#### Source data ####

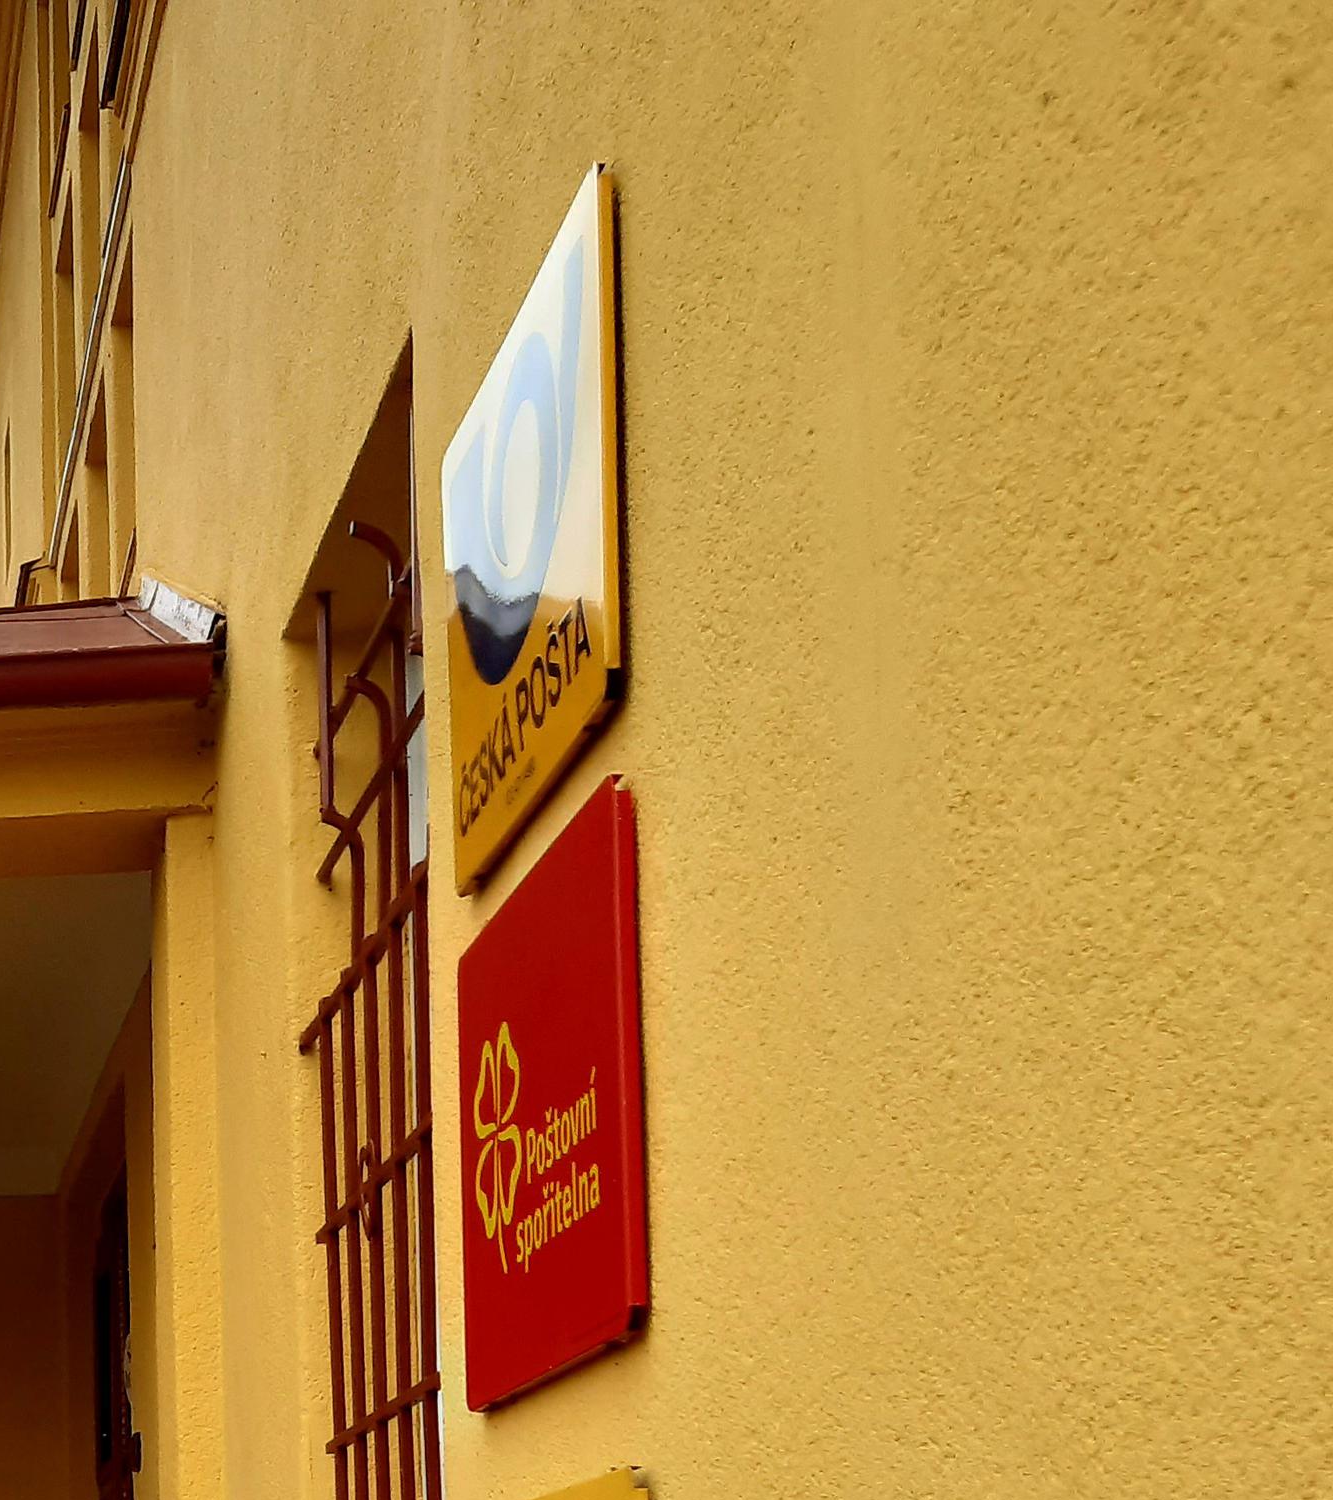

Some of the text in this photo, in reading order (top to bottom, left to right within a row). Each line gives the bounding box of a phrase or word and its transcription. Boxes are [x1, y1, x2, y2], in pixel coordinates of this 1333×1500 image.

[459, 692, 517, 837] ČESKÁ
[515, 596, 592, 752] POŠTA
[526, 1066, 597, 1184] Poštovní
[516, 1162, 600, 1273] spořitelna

####

__Problem__
Output the listing above exactly, but leave its pictures behind.

__Response to this exercise__
Some of the text in this photo, in reading order (top to bottom, left to right within a row). Each line gives the bounding box of a phrase or word and its transcription. Boxes are [x1, y1, x2, y2], in pixel coordinates of this 1333×1500 image.

[459, 692, 517, 837] ČESKÁ
[515, 596, 592, 752] POŠTA
[526, 1066, 597, 1184] Poštovní
[516, 1162, 600, 1273] spořitelna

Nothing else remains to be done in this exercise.